Gamaleya Research Centre of Epidemiology and Microbiology, 123098, Moscow, Russia; Institute of Protein Research, Russian Academy of Sciences, 142290, Pushchino, Moscow Region, Russia.
Institute of Protein Research, Russian Academy of Sciences, 142290, Pushchino, Moscow Region, Russia.
Biosystems. 2024 Dec;246:105357. doi: 10.1016/j.biosystems.2024.105357. Epub 2024 Oct 21.
It is well known that there is a codon usage bias in genomes, that is, some codons are observed more often than others. Codons implicated in the homo-repeats regions in human proteins are no exception. In this work, we analyzed the codon usage bias for all amino acid residues in homo-repeats larger than 4 in 3753 human proteins from 20447 protein sequences from the canonically reviewed human proteome. We have discovered that almost all homo-repeats in the human proteome, most of which encode Ala, Glu, Gly, Leu, Pro, and Ser (∼80% of all homo-repeats), have a codon usage bias, i.e. are mainly encoded by one codon. Moreover, there is a strong shift in homo-repeats in favor of the content of GC rich codons. Homo-repeats with Ala, Glu, Gly, Leu, Pro, and Ser predominate in the PDB, which has both ordered and disordered status. Examining the distribution of splicing sites, we found that about 15% of homo-repeats either contain or are located within 10 nucleotides of the splicing site, and Glu and Leu predominate in these homo-repeats. Our data is important for future study of the functions of homo-repeats, protein-protein interactions, and evolutionary fitness.
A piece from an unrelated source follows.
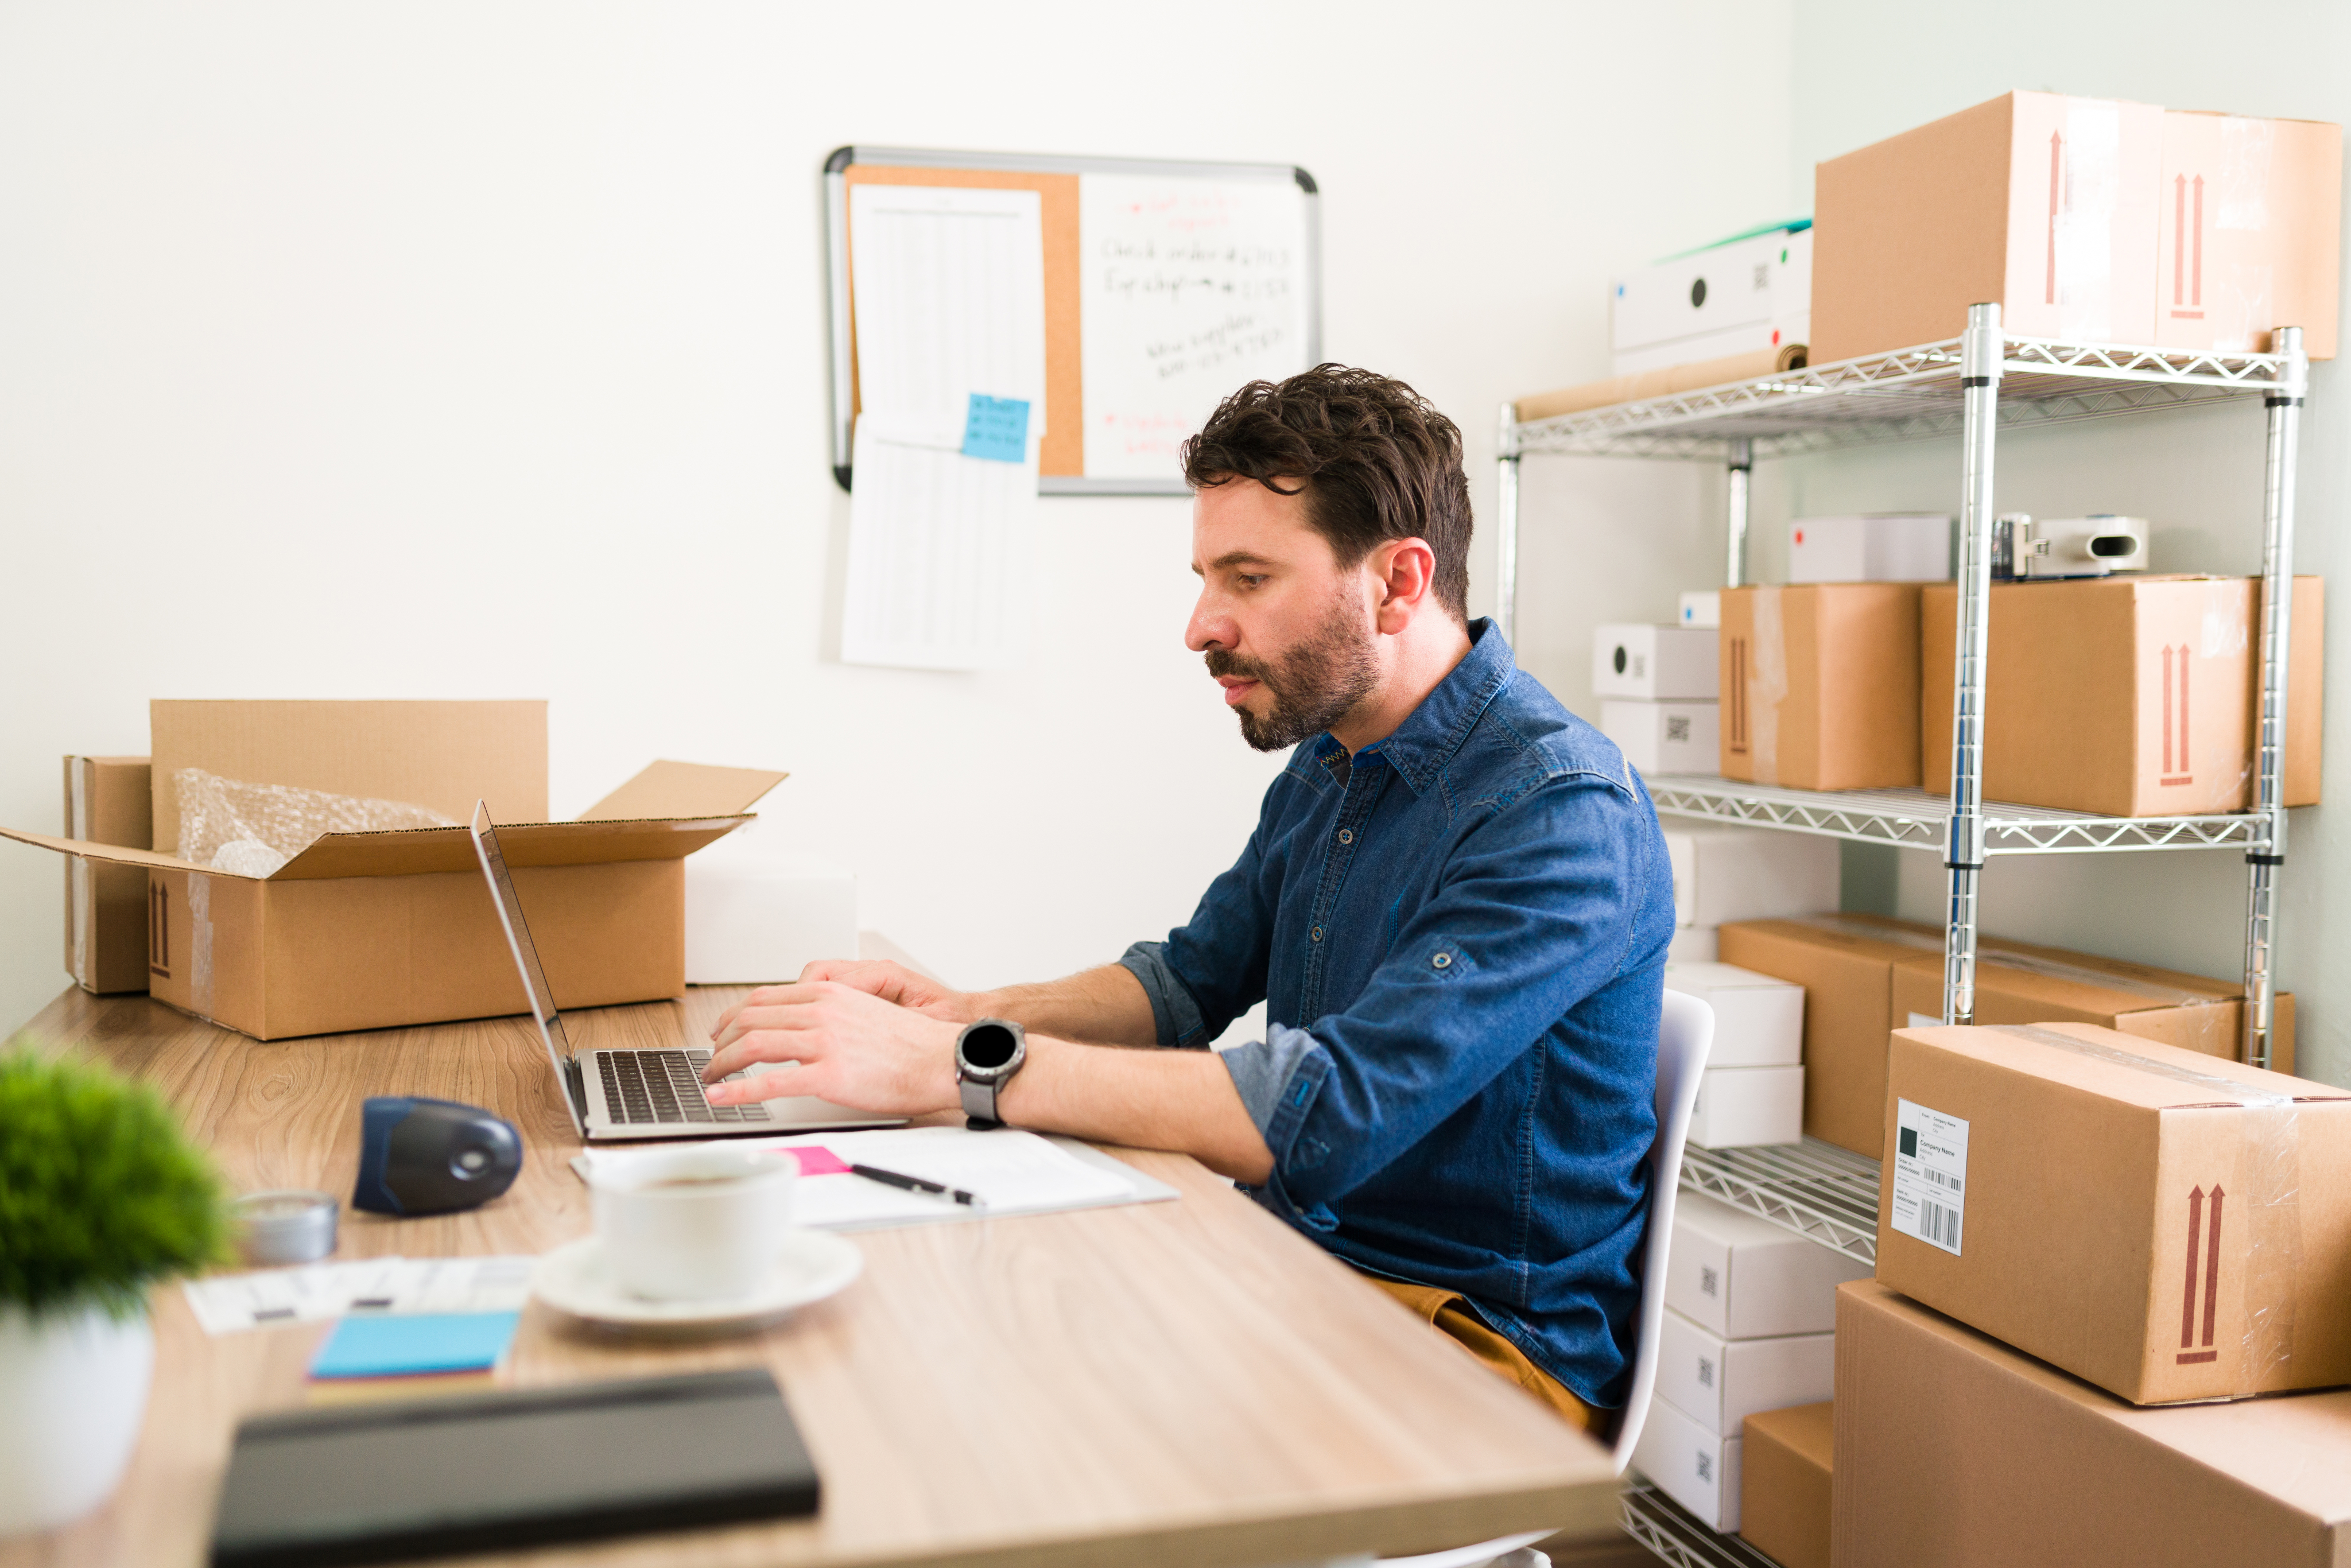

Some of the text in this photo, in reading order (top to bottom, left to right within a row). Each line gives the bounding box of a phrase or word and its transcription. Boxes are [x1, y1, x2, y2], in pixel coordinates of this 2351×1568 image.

[1933, 1116, 1947, 1125] Company
[1920, 1139, 1955, 1157] Company Name
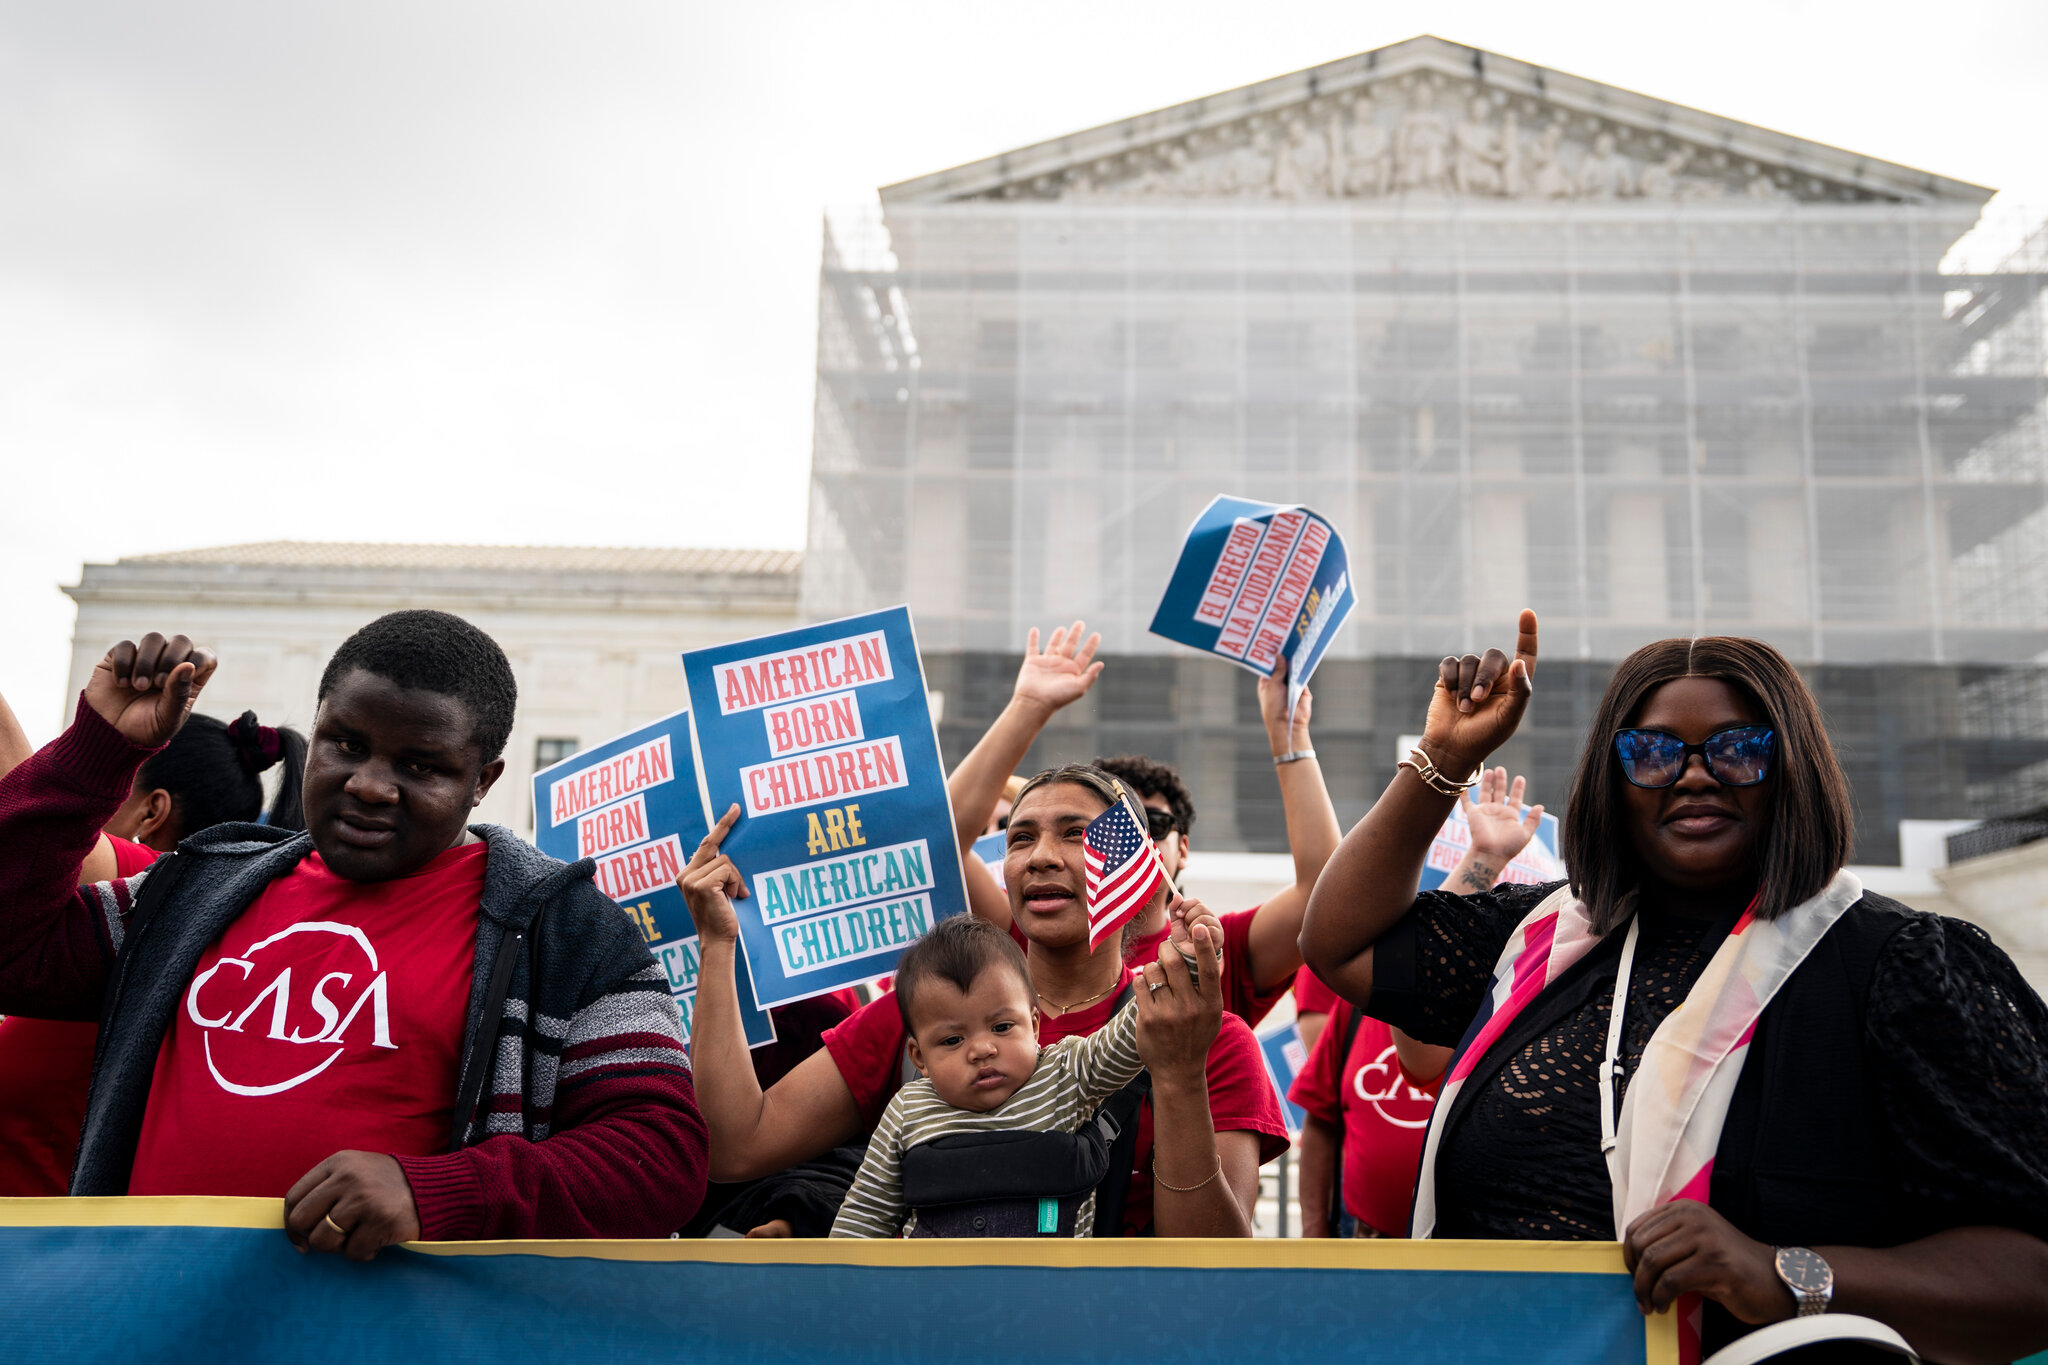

众所周知,基因组中存在密码子使用偏好性,即某些密码子比其他密码子更频繁地出现。在人类蛋白质的同源重复区域中涉及的密码子也不例外。在这项工作中,我们分析了来自 20447 个蛋白质序列的 3753 个人类蛋白质中同源重复长度大于 4 的所有氨基酸残基的密码子使用偏好性。我们发现,人类蛋白质组中的几乎所有同源重复序列(约占所有同源重复序列的 80%)都具有密码子使用偏好性,即主要由一个密码子编码。此外,同源重复序列中存在强烈的 GC 丰富密码子含量偏好性。富含 Ala、Glu、Gly、Leu、Pro 和 Ser 的同源重复序列在 PDB 中占主导地位,PDB 既有有序状态,也有无序状态。检查剪接位点的分布,我们发现约 15%的同源重复序列要么包含剪接位点,要么位于剪接位点的 10 个核苷酸内,并且这些同源重复序列中 Glu 和 Leu 占主导地位。我们的数据对于未来研究同源重复序列的功能、蛋白质-蛋白质相互作用和进化适应性非常重要。